そう言われてあたしは上着のポケットやズボンのポケットをまさぐってみる。
ポケットに入っていたのは紙テープと時計と飴が二つ。


「紙テープと時計と飴ぐらい……」

「これぐらいしか……」


麻衣はビニールテープと時計だけ。


「聖水とロザリオだけはあります」

「こんだけ。それとオイルライターだな」


ぼーさんは独鈷杵を取り出す。
何故いつもポケットから出てくるんだと思う。


「数珠と塩を少し」

「何にもありませーん」


なんだ、そういうことか。
あたしは少し恥ずかしくなってしまった。
ナルの言葉の意味は装備の意味である。


「最低限の装備というわけだな。もう一度全部の教室を調べてみよう。床や壁も異常がないかチェックする」

「もし、どこにも異常が見つからなかったら?」

「その場合は校舎の外に死体置き場があるとみなして、脱出方法を探す」


こうして、あたしたちは床や壁に異常がないかと調べ始めた。
何分も何十分も時間が進むあいだに、校舎中を調べ始めたのだが以外になにもないのだ。


「だっ!」


机の下を探していた麻衣が痛い音と、痛そうな叫びをあげながら出てきた。


「麻衣!?」

「おい、大丈夫か?」

「だっ、大丈夫、大丈夫。
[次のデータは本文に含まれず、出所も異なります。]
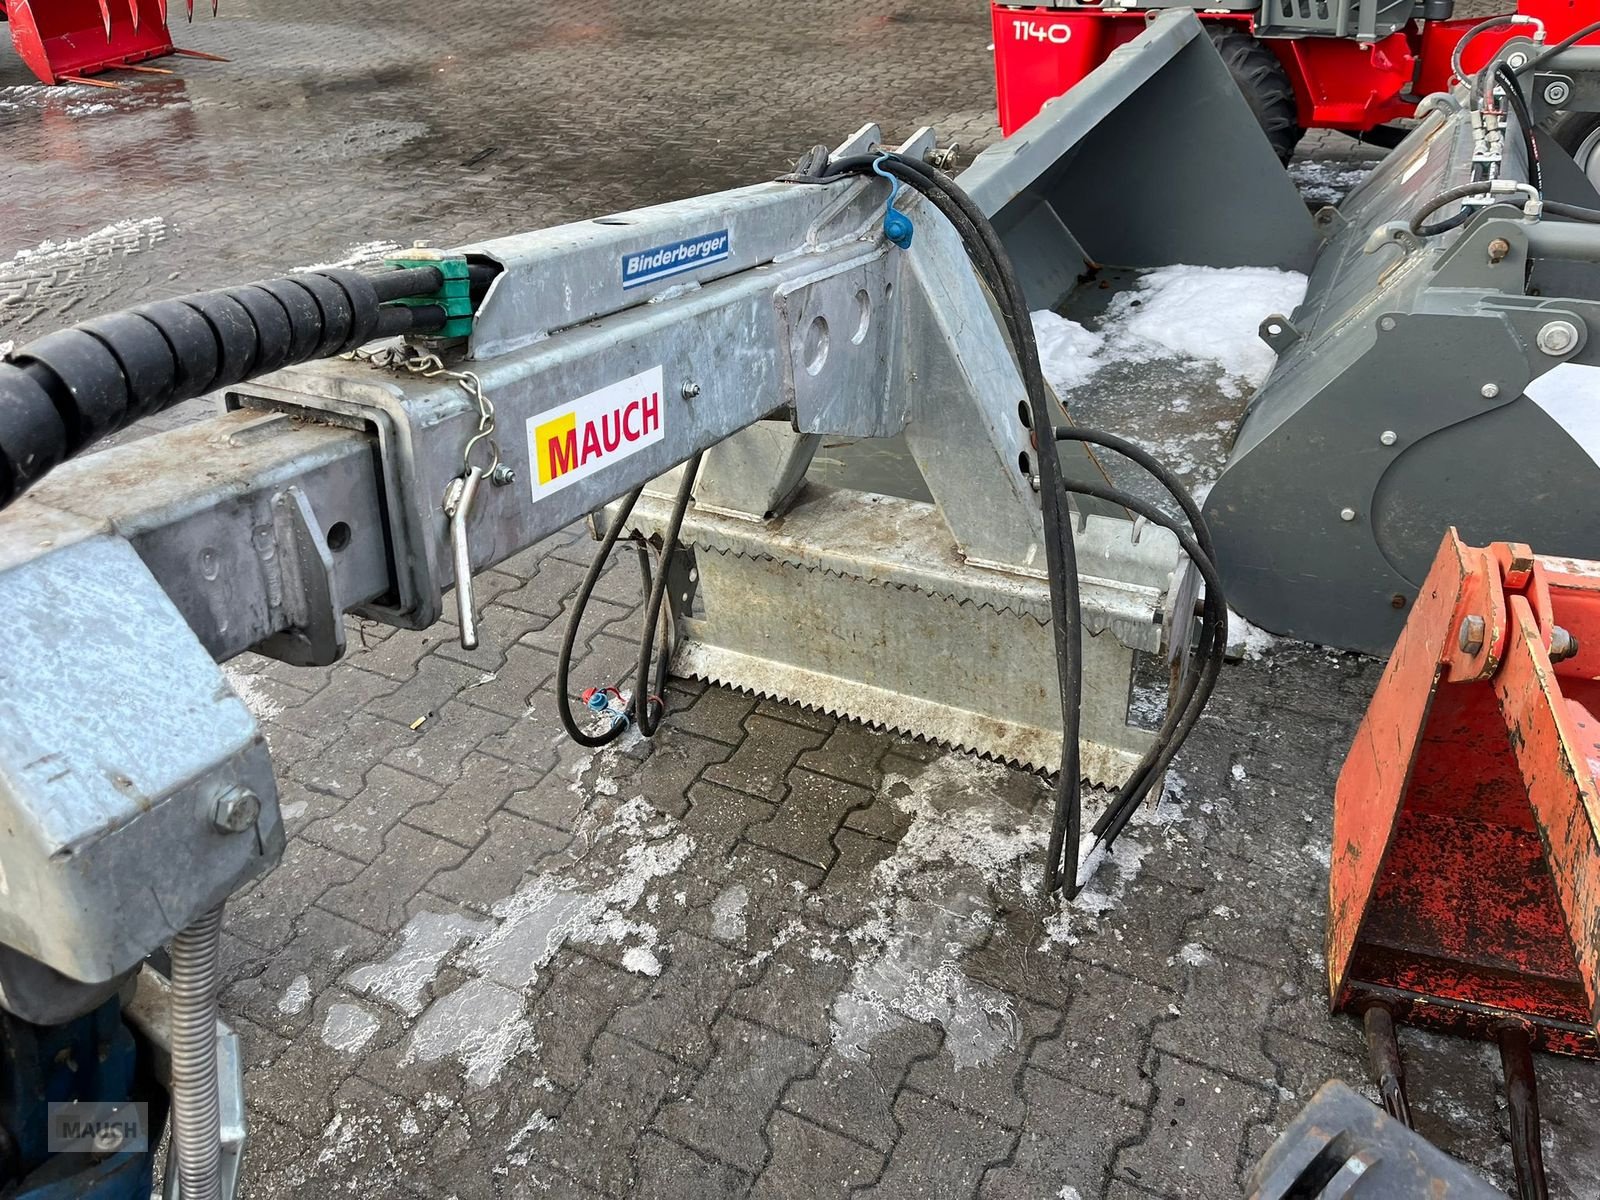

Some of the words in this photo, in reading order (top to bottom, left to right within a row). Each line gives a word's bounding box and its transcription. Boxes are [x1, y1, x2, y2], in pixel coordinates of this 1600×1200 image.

[1012, 20, 1072, 44] 1140
[626, 235, 727, 275] Binderberger
[548, 391, 659, 481] MAUCH
この下にはなんもないよー」

「あーあー、ホコリだらけじゃん」


あたしは麻衣の服を叩く。


(こういう時、綾子がいたら『馬鹿じゃないの?』とか言って同じように世話焼くだろうなぁ。リンさんは心配そうに無言で見てる……)


そんな二人がいない。
急に寂しさが押し寄せてくるものだ。
そう思っていれば、麻衣が大きな声を出した。


「……おーい。綾子ー返事しろよなー」

「麻衣?」

「いつもあんだけうるさいんだから、こういう時だってちゃんと自己主張しろよー」

「……麻衣」


綾子に目掛けて言っている麻衣にあたしと真砂子は顔を見合せてから名前を呼ぶ。


「うん……喋ってないとメゲそうなの」

「そう……だね」

「ごめんごめん!さっ、頑張って捜そー……」

「そうだね」


あたしは麻衣から視線を逸らした時、彼女がナルを呼んだ。